§ **EXERCISE REQUIREMENTS**: Everything from the line containing "this 1706×960 image." to the last line of the data below should be copied word for word, and nothing else.
═══ DATA ═══
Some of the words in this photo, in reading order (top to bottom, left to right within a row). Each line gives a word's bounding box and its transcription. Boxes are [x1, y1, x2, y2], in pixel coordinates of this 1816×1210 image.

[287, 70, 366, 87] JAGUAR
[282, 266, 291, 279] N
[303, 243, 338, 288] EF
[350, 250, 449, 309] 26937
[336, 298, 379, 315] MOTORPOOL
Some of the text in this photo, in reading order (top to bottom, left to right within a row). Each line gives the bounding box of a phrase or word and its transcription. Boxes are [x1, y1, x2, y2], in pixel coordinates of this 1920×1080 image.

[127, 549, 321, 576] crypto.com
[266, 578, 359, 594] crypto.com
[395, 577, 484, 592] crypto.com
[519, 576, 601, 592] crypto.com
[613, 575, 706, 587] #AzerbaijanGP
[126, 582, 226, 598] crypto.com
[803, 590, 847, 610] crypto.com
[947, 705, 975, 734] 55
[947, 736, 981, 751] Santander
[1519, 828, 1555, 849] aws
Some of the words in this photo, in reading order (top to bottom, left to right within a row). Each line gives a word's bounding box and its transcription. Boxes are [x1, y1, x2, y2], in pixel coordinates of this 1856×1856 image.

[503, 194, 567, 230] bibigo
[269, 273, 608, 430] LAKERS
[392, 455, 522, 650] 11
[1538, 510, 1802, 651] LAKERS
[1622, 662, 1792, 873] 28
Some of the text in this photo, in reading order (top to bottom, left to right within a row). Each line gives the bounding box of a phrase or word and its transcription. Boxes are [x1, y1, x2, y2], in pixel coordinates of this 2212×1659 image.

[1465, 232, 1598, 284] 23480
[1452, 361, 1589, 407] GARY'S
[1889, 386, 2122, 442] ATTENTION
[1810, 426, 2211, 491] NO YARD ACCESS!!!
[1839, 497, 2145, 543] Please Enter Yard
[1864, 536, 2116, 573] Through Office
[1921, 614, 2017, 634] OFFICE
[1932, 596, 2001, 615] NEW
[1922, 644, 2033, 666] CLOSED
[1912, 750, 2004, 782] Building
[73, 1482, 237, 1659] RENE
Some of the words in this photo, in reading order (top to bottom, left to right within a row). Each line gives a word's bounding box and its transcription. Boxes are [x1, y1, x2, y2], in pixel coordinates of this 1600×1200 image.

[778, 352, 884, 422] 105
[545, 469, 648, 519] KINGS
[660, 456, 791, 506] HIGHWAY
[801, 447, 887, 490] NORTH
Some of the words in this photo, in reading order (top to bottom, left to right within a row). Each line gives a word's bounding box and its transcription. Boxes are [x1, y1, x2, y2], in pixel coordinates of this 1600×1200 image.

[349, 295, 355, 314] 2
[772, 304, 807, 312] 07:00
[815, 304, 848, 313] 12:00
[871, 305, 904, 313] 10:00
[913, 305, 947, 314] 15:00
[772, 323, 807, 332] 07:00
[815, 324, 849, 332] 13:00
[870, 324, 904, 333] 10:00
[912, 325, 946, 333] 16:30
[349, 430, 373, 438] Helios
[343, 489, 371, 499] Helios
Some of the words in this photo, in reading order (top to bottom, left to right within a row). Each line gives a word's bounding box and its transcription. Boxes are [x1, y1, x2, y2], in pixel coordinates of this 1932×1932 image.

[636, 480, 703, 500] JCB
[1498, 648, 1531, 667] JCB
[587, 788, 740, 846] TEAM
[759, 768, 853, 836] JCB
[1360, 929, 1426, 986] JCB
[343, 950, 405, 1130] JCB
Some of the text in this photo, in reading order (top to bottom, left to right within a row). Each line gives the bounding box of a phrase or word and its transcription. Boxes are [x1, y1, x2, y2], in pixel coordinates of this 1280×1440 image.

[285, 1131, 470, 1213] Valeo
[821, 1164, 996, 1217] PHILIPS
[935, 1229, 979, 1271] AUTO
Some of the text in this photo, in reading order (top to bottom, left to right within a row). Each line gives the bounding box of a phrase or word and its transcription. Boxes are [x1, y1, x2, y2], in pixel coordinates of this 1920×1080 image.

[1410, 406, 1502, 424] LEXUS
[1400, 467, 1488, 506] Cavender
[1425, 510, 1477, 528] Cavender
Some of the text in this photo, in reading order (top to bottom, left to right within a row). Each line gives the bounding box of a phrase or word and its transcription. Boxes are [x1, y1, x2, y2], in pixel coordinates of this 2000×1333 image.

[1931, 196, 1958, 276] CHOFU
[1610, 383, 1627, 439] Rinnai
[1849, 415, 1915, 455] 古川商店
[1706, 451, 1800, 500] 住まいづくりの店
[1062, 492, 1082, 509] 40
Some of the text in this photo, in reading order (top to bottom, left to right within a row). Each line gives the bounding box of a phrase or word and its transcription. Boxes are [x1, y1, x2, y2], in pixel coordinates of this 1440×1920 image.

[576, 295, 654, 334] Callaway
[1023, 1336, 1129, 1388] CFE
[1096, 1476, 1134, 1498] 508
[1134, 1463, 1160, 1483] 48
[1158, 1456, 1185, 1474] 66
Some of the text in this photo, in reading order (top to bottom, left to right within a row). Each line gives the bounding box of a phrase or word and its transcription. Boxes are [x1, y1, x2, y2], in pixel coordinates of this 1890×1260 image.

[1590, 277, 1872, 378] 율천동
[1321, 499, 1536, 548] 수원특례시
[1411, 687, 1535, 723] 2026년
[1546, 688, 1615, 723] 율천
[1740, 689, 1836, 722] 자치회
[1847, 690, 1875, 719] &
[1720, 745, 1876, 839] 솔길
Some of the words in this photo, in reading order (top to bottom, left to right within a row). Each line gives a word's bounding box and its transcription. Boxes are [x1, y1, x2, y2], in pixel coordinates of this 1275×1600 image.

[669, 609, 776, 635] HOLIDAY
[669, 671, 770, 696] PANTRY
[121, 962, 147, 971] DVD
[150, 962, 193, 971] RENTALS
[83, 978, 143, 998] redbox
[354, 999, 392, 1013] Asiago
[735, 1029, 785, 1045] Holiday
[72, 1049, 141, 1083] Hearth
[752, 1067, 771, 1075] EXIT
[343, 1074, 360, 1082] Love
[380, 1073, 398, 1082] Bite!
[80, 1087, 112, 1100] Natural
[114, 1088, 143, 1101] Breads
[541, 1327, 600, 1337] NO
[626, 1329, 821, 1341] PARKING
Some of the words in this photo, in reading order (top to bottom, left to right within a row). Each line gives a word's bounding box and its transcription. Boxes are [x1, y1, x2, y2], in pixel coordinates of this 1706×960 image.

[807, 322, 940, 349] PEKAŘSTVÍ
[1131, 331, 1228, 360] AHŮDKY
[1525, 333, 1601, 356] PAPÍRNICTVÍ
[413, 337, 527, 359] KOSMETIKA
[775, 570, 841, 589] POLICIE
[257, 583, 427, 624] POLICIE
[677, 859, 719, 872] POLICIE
═══
§ **RESULT FOR THIS TASK**:
Some of the words in this photo, in reading order (top to bottom, left to right within a row). Each line gives a word's bounding box and its transcription. Boxes are [x1, y1, x2, y2], in pixel coordinates of this 1706×960 image.

[807, 322, 940, 349] PEKAŘSTVÍ
[1131, 331, 1228, 360] AHŮDKY
[1525, 333, 1601, 356] PAPÍRNICTVÍ
[413, 337, 527, 359] KOSMETIKA
[775, 570, 841, 589] POLICIE
[257, 583, 427, 624] POLICIE
[677, 859, 719, 872] POLICIE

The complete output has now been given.